Thursday, November 17, 2005

DR. WILL ON WHAT AILS CONSERVATISM

George Will, always a worthy read, asks "What Next For Conservatives" in a piece today available at Townhall:

http://www.townhall.com/opinion/columns/georgewill/2005/11/17/175897.html

His analysis begins with observations on education and the Intelligent Design controversy as a highlight of the growing rift between limited-government conservatives and social conservatives.

He notes Thomas Jefferson said, "It does me no injury, for my neighbor to say there are twenty gods, or no god. It neither picks my pocket nor breaks my leg.'' Mr Will then adds "But it is injurious, and unneighborly, when zealots try to compel public education to infuse theism into scientific education."

He ends with observations on the expansion of government spending under "conservative" leadership...

Depressing the good doctor often is...

Readers of Mr. Will will already be familiar with his belief that the conservative impulse is dead at the hands of "conservatives" who don't walk the walk. I would ask all to ponder what else has died with it. Not died all at once or just now, but by imperceptable increments over a very long time. Submitted as an axiom:

The more "our" government does for "us," the more my business is yours and yours mine, and the less freedom "we" all have.

In Jefferson's day, it wouldn't have mattered if one group taught Darwin and another taught Genesis because there were no public schools supported via taxation.

Today, the institution of public education is so entrenched that the desire to opt out of those schools is met with suspicion and resistence. Suggest that people should have the right to spend "their" share of school monies in an alternate environment and the fight is on.

Jefferson's standard, "It neither picks my pocket nor breaks my leg," today is at best quaint and at worst downright unAmerican. How many government edicts on any level would last by that standard? What if government was only involved with that which picks pockets or breaks legs?

Picks pockets? Who picks those pockets more than government on all levels?

And that is where we find the real problem. The long slow growth of our government has been pushed by groups of all persuasions for myriad reasons and none of those pushing took into account human nature and the nature of the bureaucracies man creates.

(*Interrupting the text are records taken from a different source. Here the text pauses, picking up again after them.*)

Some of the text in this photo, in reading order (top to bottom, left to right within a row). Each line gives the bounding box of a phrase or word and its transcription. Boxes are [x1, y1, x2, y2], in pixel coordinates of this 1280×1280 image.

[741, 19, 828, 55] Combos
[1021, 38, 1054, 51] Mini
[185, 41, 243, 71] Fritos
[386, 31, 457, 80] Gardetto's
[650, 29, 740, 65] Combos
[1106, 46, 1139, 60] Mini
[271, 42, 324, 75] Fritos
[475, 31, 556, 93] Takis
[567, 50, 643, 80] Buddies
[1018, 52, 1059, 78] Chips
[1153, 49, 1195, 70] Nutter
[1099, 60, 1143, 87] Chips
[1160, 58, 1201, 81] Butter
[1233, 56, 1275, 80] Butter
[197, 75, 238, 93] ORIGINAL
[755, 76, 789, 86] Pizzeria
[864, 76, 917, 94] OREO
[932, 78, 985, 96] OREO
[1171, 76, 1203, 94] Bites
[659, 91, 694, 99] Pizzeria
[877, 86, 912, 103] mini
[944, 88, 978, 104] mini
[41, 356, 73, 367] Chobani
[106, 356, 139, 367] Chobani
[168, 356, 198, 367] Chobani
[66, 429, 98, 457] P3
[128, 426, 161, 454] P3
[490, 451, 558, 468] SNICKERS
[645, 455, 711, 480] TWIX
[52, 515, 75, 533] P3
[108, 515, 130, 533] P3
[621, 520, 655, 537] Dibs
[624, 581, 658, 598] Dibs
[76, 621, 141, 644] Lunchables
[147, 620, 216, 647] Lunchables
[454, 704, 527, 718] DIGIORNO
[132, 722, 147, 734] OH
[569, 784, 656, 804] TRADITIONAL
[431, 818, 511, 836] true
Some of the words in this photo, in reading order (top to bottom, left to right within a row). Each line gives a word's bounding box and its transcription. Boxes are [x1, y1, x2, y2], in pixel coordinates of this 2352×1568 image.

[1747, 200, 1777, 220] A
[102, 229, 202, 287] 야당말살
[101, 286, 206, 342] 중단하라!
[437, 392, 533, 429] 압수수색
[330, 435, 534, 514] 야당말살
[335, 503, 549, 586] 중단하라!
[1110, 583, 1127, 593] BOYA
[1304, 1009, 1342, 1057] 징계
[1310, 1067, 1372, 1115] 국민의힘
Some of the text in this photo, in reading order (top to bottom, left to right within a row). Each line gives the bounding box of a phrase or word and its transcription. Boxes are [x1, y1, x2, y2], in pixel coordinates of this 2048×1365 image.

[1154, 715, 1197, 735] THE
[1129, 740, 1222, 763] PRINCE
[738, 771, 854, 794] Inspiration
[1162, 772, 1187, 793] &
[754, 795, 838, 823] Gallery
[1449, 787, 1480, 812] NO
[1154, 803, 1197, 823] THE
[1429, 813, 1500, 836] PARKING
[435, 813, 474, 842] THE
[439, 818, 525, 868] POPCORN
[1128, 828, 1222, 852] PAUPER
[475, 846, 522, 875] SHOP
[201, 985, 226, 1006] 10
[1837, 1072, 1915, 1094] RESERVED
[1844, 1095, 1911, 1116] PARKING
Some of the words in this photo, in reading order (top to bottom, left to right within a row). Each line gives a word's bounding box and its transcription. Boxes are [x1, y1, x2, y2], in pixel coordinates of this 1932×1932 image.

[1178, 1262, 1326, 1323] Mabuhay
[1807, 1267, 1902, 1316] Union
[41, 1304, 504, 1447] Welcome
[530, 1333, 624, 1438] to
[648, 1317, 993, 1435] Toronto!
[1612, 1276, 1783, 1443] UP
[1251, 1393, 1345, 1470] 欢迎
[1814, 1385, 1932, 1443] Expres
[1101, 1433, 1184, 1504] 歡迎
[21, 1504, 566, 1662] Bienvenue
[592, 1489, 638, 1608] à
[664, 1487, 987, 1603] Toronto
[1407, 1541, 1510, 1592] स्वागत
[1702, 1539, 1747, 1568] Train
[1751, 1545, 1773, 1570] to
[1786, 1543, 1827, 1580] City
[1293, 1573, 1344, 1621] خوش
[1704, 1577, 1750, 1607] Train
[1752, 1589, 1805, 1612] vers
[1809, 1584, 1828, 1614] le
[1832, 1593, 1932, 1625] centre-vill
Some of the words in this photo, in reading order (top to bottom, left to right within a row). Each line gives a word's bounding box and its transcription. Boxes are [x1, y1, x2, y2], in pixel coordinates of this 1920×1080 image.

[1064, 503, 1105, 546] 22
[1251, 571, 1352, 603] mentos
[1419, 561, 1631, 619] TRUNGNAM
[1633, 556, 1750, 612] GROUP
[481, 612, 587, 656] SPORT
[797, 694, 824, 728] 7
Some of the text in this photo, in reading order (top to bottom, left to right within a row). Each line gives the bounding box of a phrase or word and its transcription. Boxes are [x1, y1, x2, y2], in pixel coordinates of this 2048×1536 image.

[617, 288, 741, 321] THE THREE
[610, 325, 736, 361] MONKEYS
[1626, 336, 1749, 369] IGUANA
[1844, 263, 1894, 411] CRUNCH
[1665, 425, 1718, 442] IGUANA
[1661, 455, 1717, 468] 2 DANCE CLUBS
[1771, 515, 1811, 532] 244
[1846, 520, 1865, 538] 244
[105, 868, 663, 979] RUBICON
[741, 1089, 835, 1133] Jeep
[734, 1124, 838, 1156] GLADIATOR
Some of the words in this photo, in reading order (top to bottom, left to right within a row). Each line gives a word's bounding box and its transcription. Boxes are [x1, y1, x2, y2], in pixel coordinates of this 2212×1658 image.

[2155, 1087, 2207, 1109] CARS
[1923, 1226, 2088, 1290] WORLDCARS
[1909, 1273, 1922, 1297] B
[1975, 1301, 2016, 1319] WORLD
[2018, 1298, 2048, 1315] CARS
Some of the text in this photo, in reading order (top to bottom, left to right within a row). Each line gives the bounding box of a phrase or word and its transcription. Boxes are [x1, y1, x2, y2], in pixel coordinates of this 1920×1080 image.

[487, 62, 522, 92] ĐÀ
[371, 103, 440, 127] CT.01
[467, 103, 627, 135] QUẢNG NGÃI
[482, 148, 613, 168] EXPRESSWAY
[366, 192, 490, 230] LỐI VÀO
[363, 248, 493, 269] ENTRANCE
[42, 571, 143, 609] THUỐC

Those bureaucracies take on a life of their own, engaging in what economists call rent-seeking. A program or law has outlived its usefulness? Those whose job it is to promote the program will find a new use.

How many of our powerful bureaucracies would exist in a Jeffersonian democracy?

The Presidents come and go, the party control changes variously, but those bureaucracies persist and grow. When was the last time government eliminated anything? The most we ever see are reforms, never abolitions.

The great Texas liberal Lyndon B Johnson championed the greatest expansion of the "welfare state" up to his time. Now the great Texas conservative George W Bush has expanded much of it even further. His championing of medicare expansion is just one more pressure moving the entire Nation to socialized medicine.

Where it goes I can't say but wherever it goes we're all going there lock-step. When we get there, we may be safe and affluent, but we won't be free anymore.

Will "we" be happy? Somehow I doubt it.